In this lab you learn the process of analyzing a dataset stored in BigQuery using Colab Enterprise to perform queries and present the data using various statistical plotting techniques. The analysis will help you discover patterns in the data.
Learning objectives
Create a Colab Enterprise Notebook
Connect to BigQuery datasets
Perform statistical analyis on a Pandas Dataframe
Create Seaborn plots for Exploratory Data Analysis in Python
Write a SQL query to pick up specific fields from a BigQuery dataset
Use version history to see code changes
Share a Colab Enterprise notebook
Vertex AI is a unified platform for building, deploying, and managing machine learning (ML) applications.

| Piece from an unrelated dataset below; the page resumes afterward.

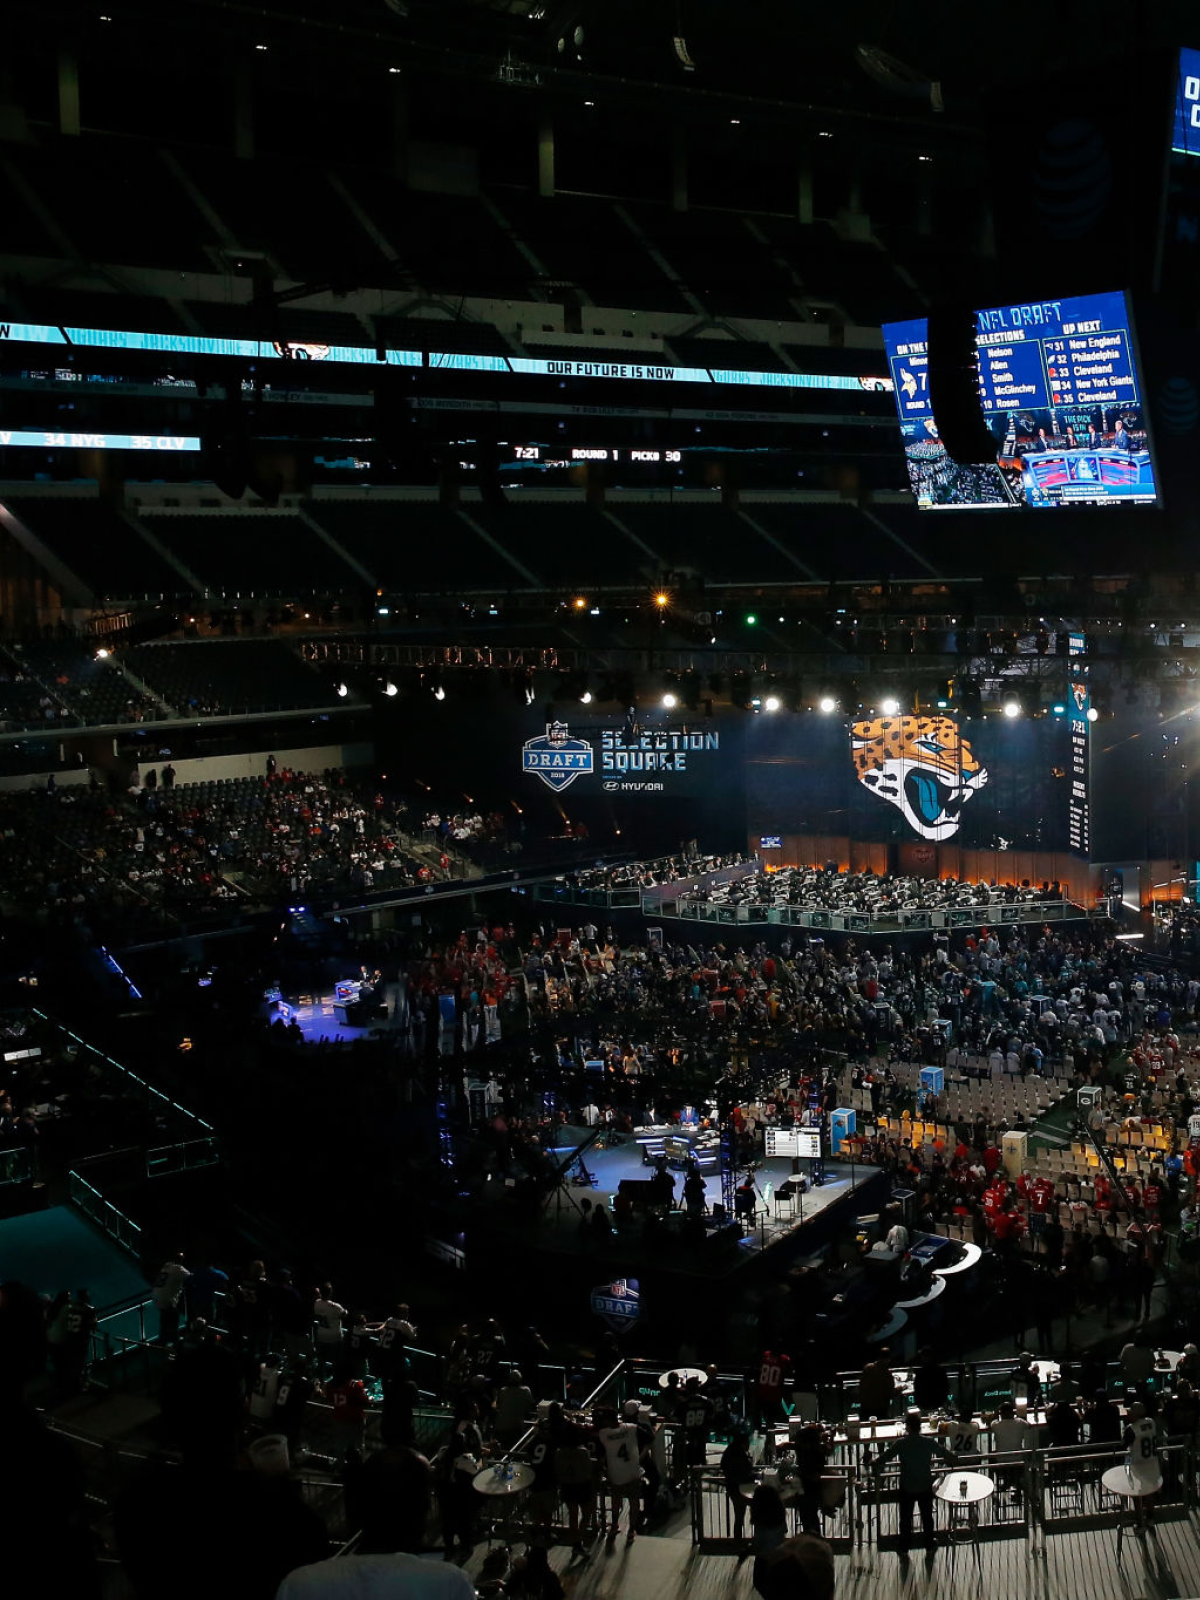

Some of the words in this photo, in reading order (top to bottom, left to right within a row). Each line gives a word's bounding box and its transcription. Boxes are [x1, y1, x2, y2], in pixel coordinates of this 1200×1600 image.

Vertex AI Colab Enterprise is a powerful collaborative interactive tool created to explore, analyze, transform and visualize data and build machine learning models on Google Cloud. It offers the security and compliance features needed for enterprise organizations and integrates with other Google Cloud services like Vertex AI and BigQuery for an enhanced data science and machine learning workflow.
BigQuery is a powerful, fully managed, serverless data warehouse that allows you to analyze and manage large datasets with ease. BigQuery uses a familiar standard SQL dialect, making it easy for analysts and data scientists to use without needing to learn a new language.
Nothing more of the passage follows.